While Pierce was taking it upon himself to redefine the parameters of the popularly accepted rules of musical engagement, Muriel, Her Majesty Mrs Strepsil, was going at the works of Benny and Björn as if they were the outpourings of the Bard himself. Her interpretation of ‘The Winner Takes it All’ owed more to the murder scene from
Macbeth
than to the pure pop traditions of Eurovision. When Muriel said/sang that ‘I don’t wanna talk …’ you understood that she
really did not want to talk
. At all. Ever.
EVER
. Agog, I waited for her Shakespearean take on Abba’s worst Scando-English lyric ‘A big thing, or a small’ and was not disappointed. By the time the song was finished the palms of my hands were bleeding, my uncut nails having dug into them in a fever of pseudo-stigmatic ecstasy.

To be clear, the film is awful. And yet, and yet, and yet …
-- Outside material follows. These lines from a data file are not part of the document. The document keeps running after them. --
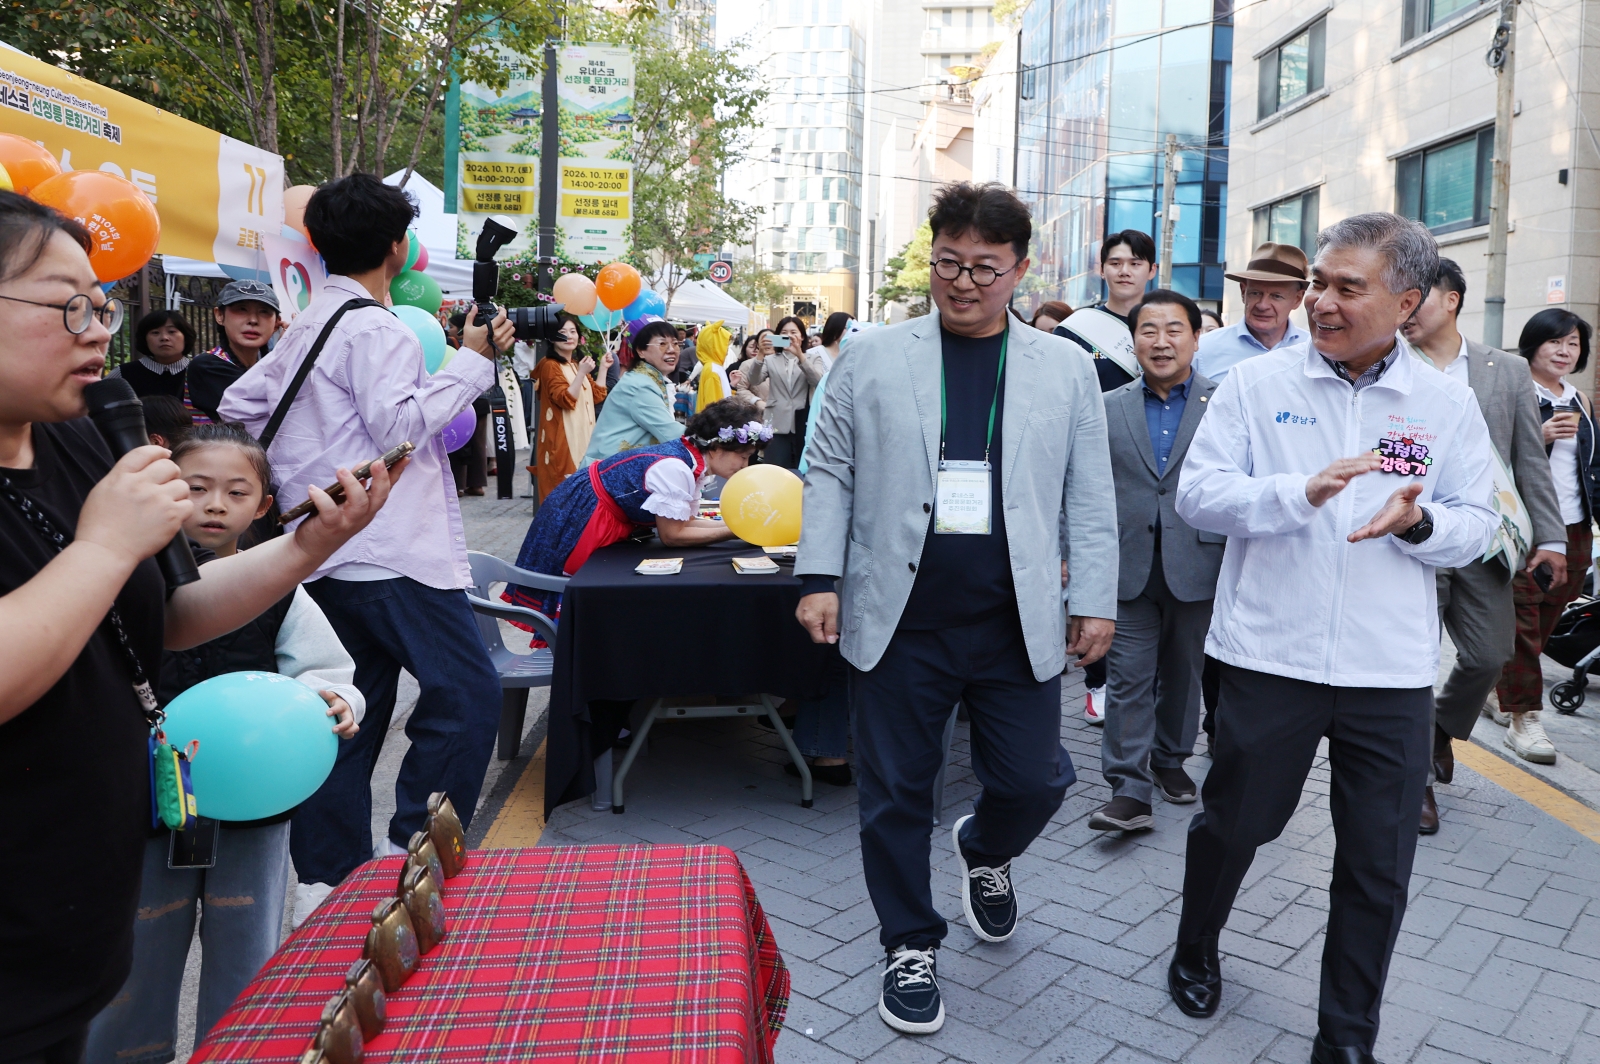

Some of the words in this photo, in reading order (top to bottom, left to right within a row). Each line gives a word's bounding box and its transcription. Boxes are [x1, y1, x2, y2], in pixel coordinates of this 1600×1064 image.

[579, 66, 615, 77] 유네스코
[564, 75, 591, 85] 선정릉
[594, 76, 629, 86] 문화거리
[588, 85, 606, 94] 축제
[51, 88, 72, 105] Cultural
[72, 96, 88, 110] Street
[87, 102, 107, 117] Festival
[32, 97, 63, 123] 선정릉
[64, 107, 101, 137] 문화거리
[103, 122, 121, 143] 축제
[466, 163, 490, 172] 2026.
[505, 166, 516, 174] 17.
[518, 166, 532, 174] (토)
[473, 174, 525, 183] 14:00-20:00
[563, 169, 588, 178] 2026.
[590, 171, 601, 179] 10.
[615, 172, 628, 180] (토)
[571, 180, 622, 189] 14:00-20:00
[476, 192, 501, 202] 선정릉
[503, 194, 521, 202] 일대
[574, 198, 600, 208] 선정릉
[602, 199, 618, 208] 일대
[573, 208, 600, 216] (봉은사로
[92, 213, 120, 240] 제104회
[713, 266, 727, 277] 30
[1291, 414, 1317, 426] 강남구
[495, 416, 507, 452] SONY
[1380, 439, 1429, 461] 구청장
[1380, 454, 1427, 475] 김현기
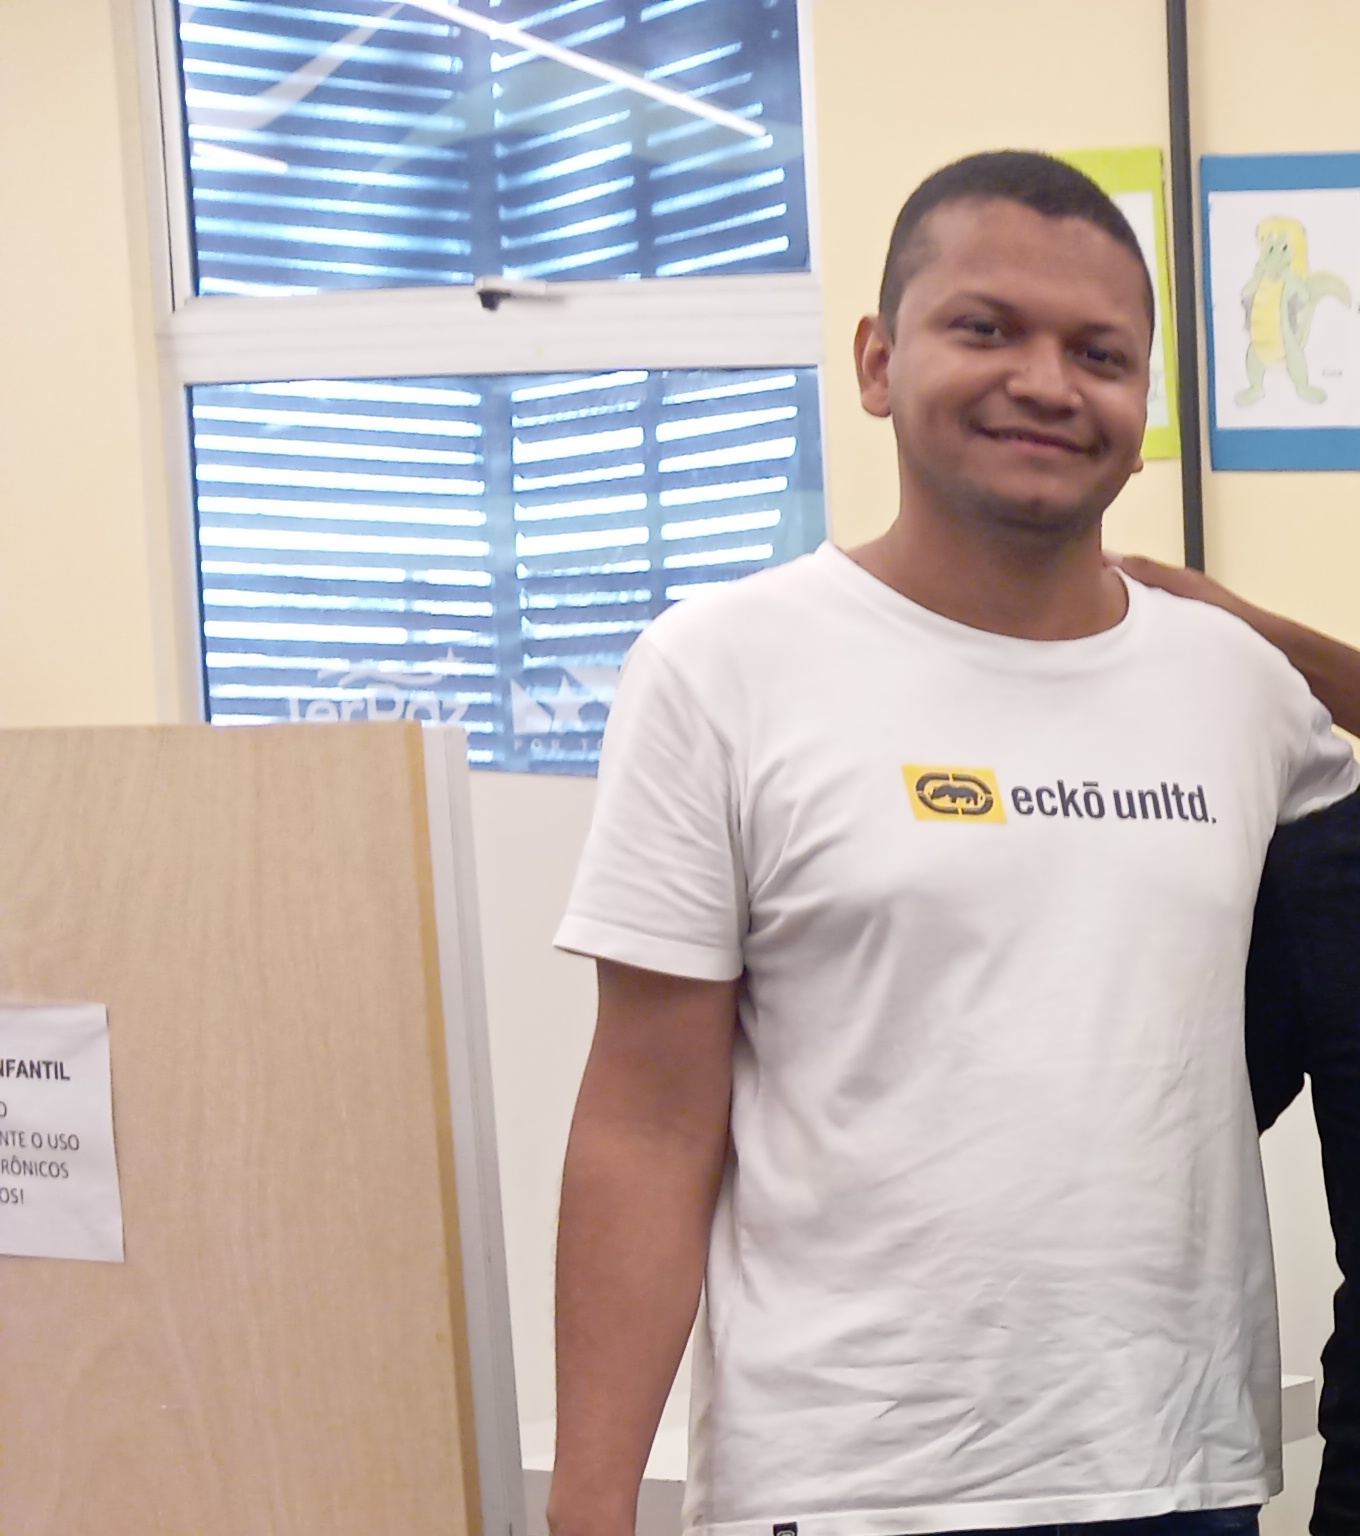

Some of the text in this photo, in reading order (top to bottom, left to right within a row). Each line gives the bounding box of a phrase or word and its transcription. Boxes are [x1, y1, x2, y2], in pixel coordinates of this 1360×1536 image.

[1010, 779, 1218, 824] eckō unltd.
[31, 1131, 43, 1149] O
[47, 1132, 80, 1151] USO
[1, 1154, 70, 1179] RÔNICOS
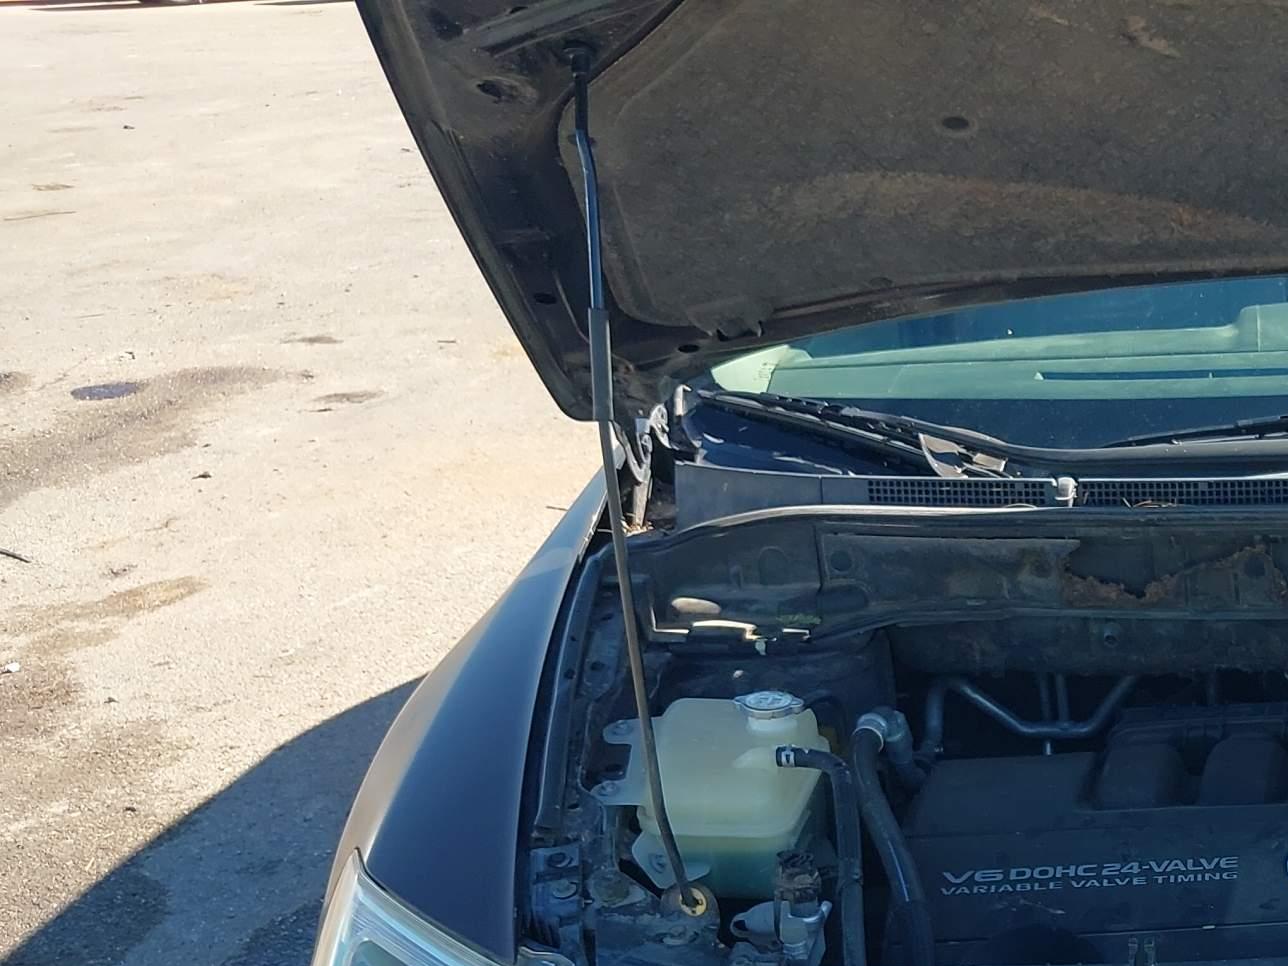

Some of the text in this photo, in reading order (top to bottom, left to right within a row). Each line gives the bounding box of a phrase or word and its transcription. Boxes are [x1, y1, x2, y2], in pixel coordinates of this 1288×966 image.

[942, 855, 1240, 884] V6 DOHC 24-VALVE
[940, 871, 1239, 896] VARIABLE VALVE TIMING
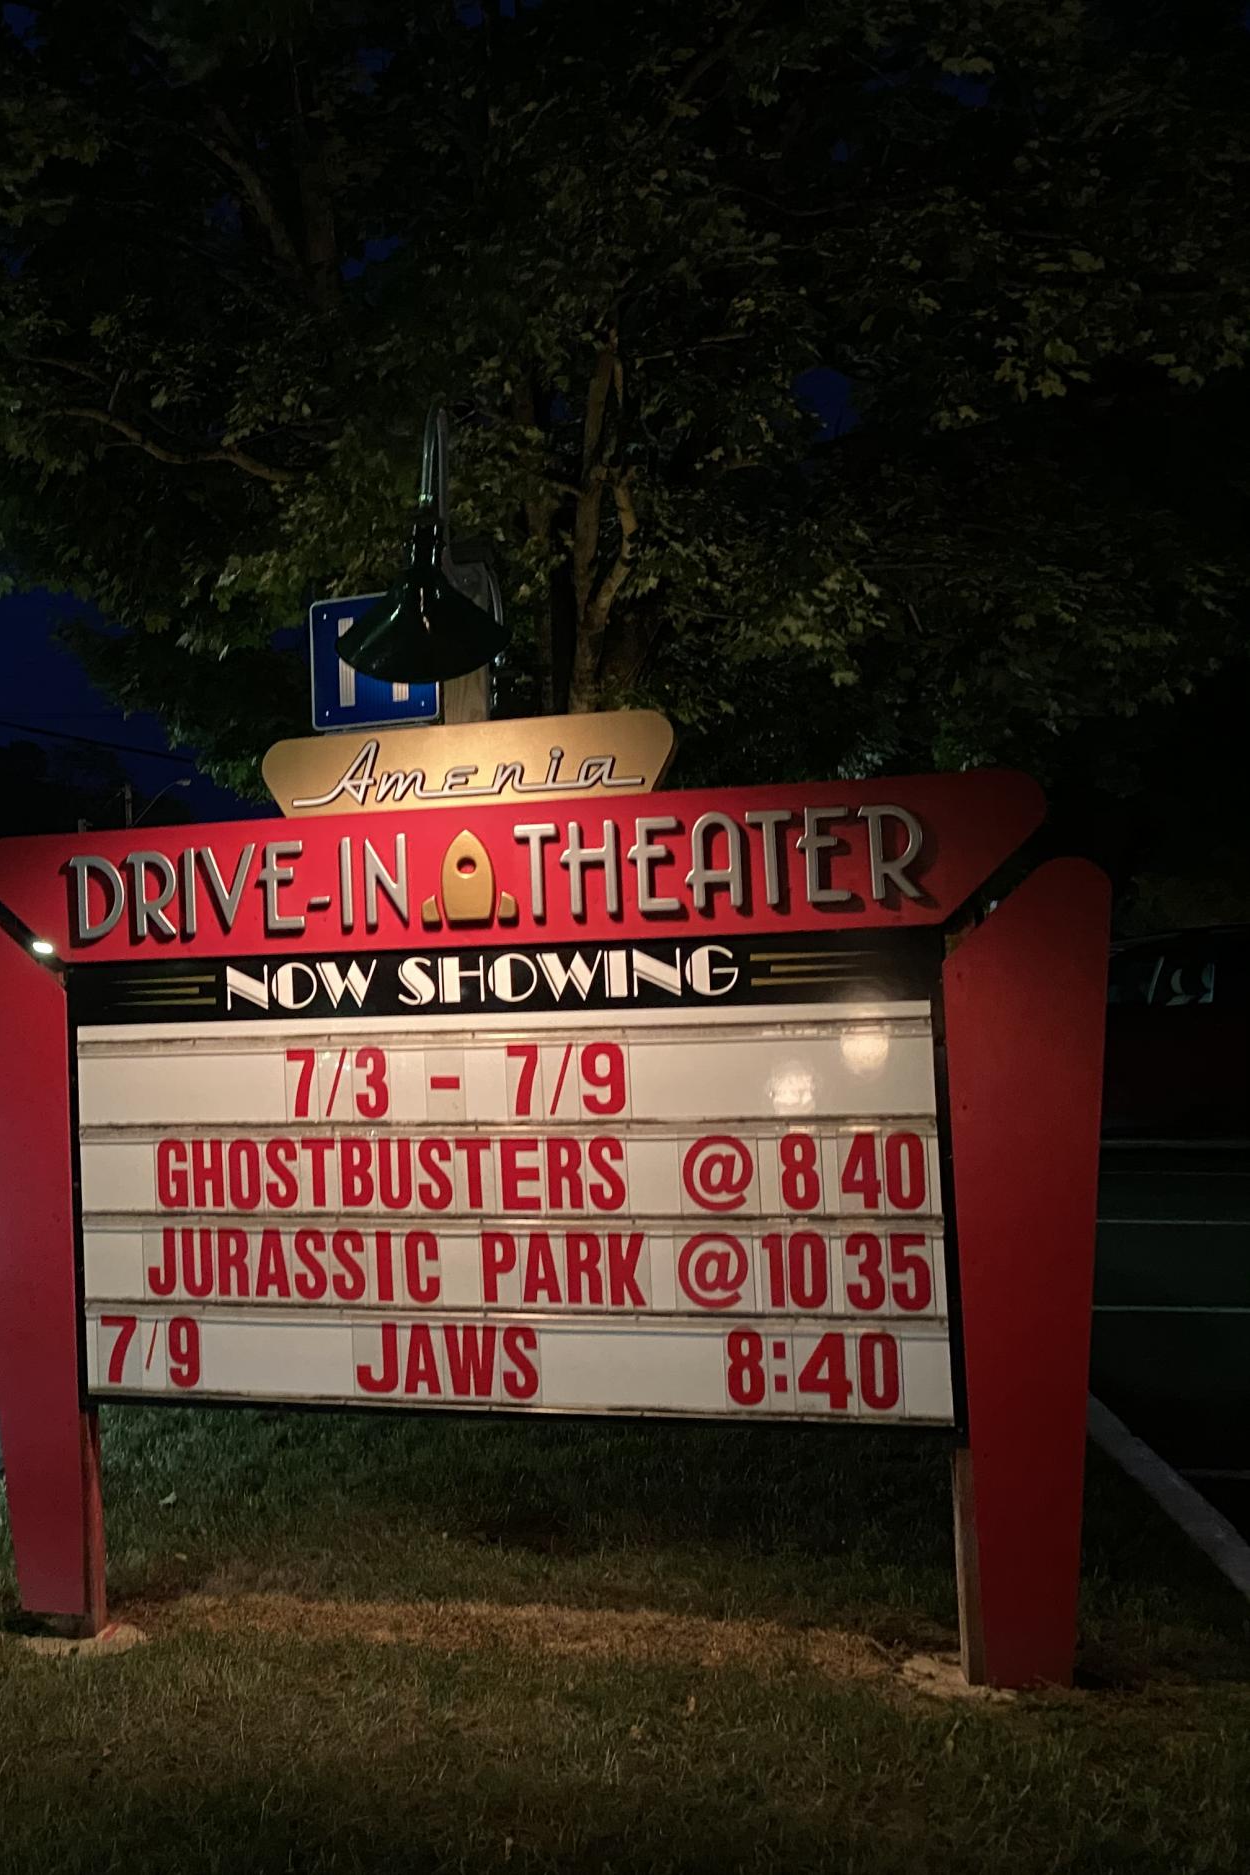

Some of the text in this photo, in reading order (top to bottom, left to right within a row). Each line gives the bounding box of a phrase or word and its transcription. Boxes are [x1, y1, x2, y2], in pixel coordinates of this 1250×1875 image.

[292, 738, 643, 807] Amenia
[68, 804, 927, 939] DRIVE-IN THEATER
[226, 944, 740, 1011] NOW SHOWING
[285, 1044, 390, 1120] 7/3
[504, 1040, 627, 1118] 7/9
[156, 1135, 627, 1213] GHOSTBUSTERS
[147, 1228, 442, 1305] JURASSIC
[480, 1229, 648, 1306] PARK
[100, 1315, 899, 1410] 7/9 JAWS 8:40
Somehow, in the middle of all that awfulness, something wonderful happened. As the tidal wave of poop crashed over my head, the world seemed to perform a peculiar axis-altering tilt whereby north became south, black became white, pleasure became pain, and (against all the odds) good became bad – and vice versa. Even as every critical faculty I possessed told me to run screaming from the theatre
right now
, I felt my heart swelling, my eyes welling up, my pulse starting to jump, and my general aura going all pink and cuddly. I presume this is what it is like taking heroin – really
bad, but in a way which is strangely appealing at the time. I say ‘I presume’ because all I know about heroin is what I learned from Lou Reed and
Trainspotting
, namely that the soundtrack is nice but you end up screaming in a pool of vomit while swivel-headed dead babies march across the ceiling, or chasing cack-encrusted suppositories round the U-bend of an Edinburgh public toilet. Neither of which sound great.

But
Mamma Mia!
, for all its hideous flaws, had miraculously started to sound absolutely
brilliant
. It is a fitting testament to the power of Benny and Björn’s songwriting that their work appears to be unassailable even when James Bond himself has been licensed to kill their songs. When you do this sort of thing to the Beatles’ back catalogue you wind up with William Shatner gaily massacring ‘Lucy in the Sky With Diamonds’, leaving Lennon and McCartney looking every bit as stupid as Captain Kirk. But the Abba songbook is made of sterner stuff, and no amount of inappropriate celebrity honking can dispel the magic of those pure pop classics. By the time La Strepsil started rhapsodising that her daughter was ‘Slipping Through My fingers’ I was in floods of tears – tears of laughter, tears of joy, tears of (let’s be honest)
shame
, but tears nonetheless. And as I looked around the darkened auditorium at my fellow cowering critics, I realised that I was not alone, although several of my wet-faced comrades would thrice deny their uncontrollable physical responses as the cockerel’s crow heralded the arrival of their crucifying reviews in the morning papers.

Don’t get me wrong –
Mamma Mia!
is rubbish. But rubbish the likes of which we shall not see again for some time. And rubbish which somehow left in its wake a trail of resplendent joy and bonhomie which would have satisfied Morecambe and Wise’s oft-sung request that we bring them fun, sunshine, and love, and leave Ken Dodd thanking the Lord that he’d been blessed with more than his share of happiness.

Mamma Mia!
went on to become the fastest selling DVD ever in the UK, although I remain convinced that in order to appreciate it fully you had to see it with an audience. We were on holiday in Cornwall when
Mamma Mia!
came out, so Linda and our daughter went to see it at the fabulous Screen Seven of the Regal Cinema in Redruth (tag line ‘Stairway to Seven’) and had a ball. Meanwhile I endured
Transformers
with our son who enjoyed the robots hitting each other but couldn’t understand what useful role was served by Megan Fox. I tried to explain to him that the film was directed by Michael Bay who is, in his father’s twisted opinion, the Antichrist and Enemy of Cinema, but he still wanted to own it on DVD the day it came out. Hey-ho.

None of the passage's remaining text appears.